GMKI Sumut-NAD Menilai Langkah Yasonna Laoly Bebaskan Napi Sah-sah Saja

Pengurus Pusat GMKI Koordinator Wilayah Sumut-NAD, Gito M Pardede.

MEDAN, KabarMedan.com | Langkah Menteri Hukum dan HAM Yasonna Laoly memebaskan narapidana melalui asimilasi dan integrasi, berkenaan dengan wabah virus corona atau Covid-19, dinilai masih dalam koridor hukum dan sah-saja saja.

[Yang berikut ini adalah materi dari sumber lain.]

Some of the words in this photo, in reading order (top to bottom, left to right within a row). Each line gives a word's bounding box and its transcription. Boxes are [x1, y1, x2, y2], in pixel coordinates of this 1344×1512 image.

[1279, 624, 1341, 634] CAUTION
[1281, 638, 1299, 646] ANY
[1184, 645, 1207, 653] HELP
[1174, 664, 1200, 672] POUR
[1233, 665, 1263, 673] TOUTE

“Pemerintah telah menetapkan Covid-19 sebagai bencana nasional non alam. Jadi dinilai perlu untuk melakukan langkah cepat sebagai upaya penyelamatan terhadap narapidana dengan cara pengeluaran dan pembebasan melalui asimilasi dan integrasi. Masyarakat yang di luar saja bisa chaos karena panik terinfeksi virus corona, apalagi para narapidana yang berdesakan di penjara,” kata Pengurus Pusat GMKI Koordinator Wilayah Sumut-NAD, Gito M Pardede, dalam keterangannya, Senin (6/4/2020).

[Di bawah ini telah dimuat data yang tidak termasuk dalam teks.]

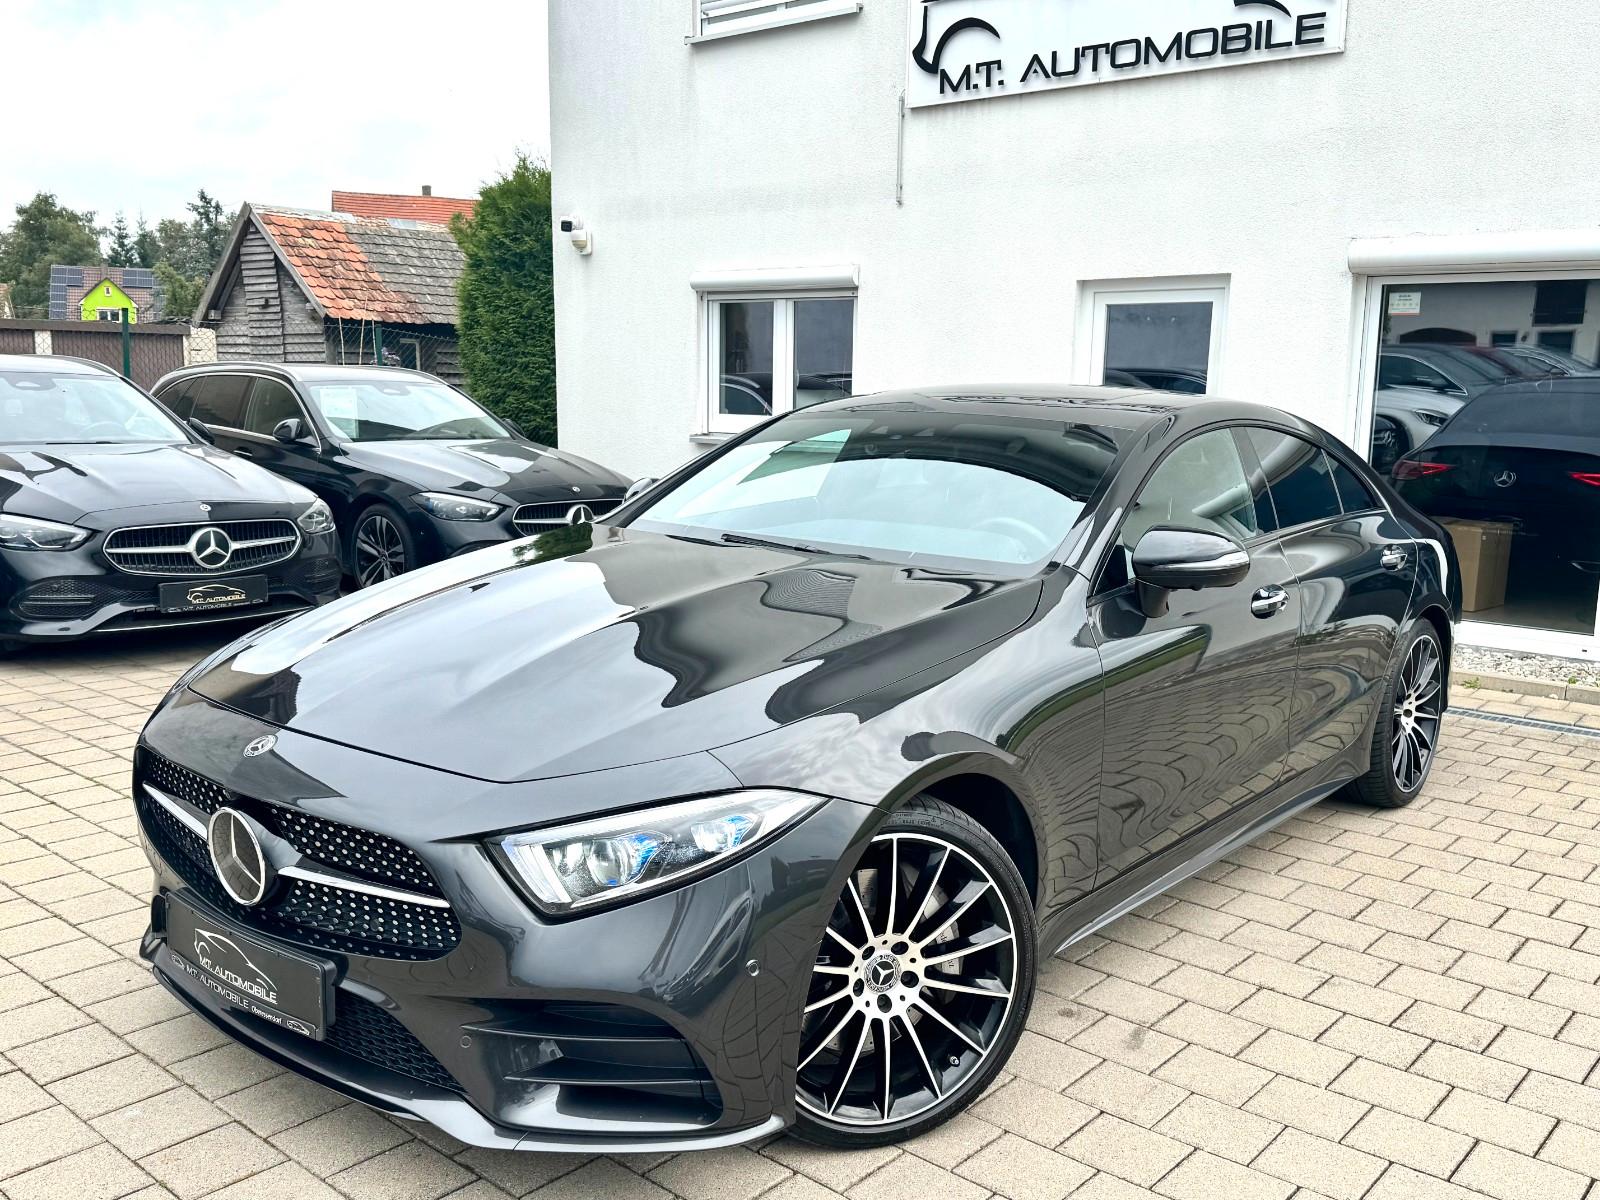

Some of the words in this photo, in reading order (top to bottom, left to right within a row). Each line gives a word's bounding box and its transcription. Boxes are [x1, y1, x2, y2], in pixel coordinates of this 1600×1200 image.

[939, 59, 1004, 94] M.T.
[1019, 11, 1327, 83] AUTOMOBILE
[200, 974, 249, 1009] AUTOMOBILE
[214, 965, 277, 1004] AUTOMOBILE

Baca Juga:  CDC AS dan Pemerintah Indonesia Perkuat Kesiapsiagaan Menghadapi Flu Burung

Ia menjelaskan, pembebasan lebih cepat itu sebagai upaya pencegahan dan penyelamatan narapidana dari penyebaran virus corona atau Covid-19.

“Mengacu pada seruan Dewan PBB tentang pencegahan dan penyelamatan narapidana dan anak yang berada di lembaga pemasyarakatan, lembaga pembinaan khusus anak, dan rumah tahanan negara dari penyebaran COVID-19, pemerintah juga harus melindungi hak mereka sebagai warga negara,” ujarnya.

Ia menilai, Pemerintah menghadapi tuntutan besar akan sumber daya dalam krisis ini dan harus mengambil keputusan sulit.

Namun, Menteri Hukum dan HAM harus memberikan perlingdungan bagi mereka yang dikurung di tempat-tempat seperti penjara, fasilitas kesehatan mental yang tertutup, panti jompo dan panti asuhan, karena konsekuensi dari pengabaian mereka berpotensi menjadi bencana.

Baca Juga:  CDC AS dan Pemerintah Indonesia Perkuat Kesiapsiagaan Menghadapi Flu Burung

Disinggung mengenai Menkumham yang ingin melepaskan narapidana koruptor, ia mengaku masyarakat jangan gampang mengambil kesimpulan sendiri dan tetap tenang menghadapi masalah dalam bencana Covid-19.

“Kita ingin fokus kepada nilai kemanusiaan yang dijunjung dalam kondisi bencana ini, saya pikir membebaskan tahanan melalui mekanisme hukum sangat tepat untuk mewujudkan keadilan bagi seluruh rakyat indonesia,” pungkasnya. [KM-03]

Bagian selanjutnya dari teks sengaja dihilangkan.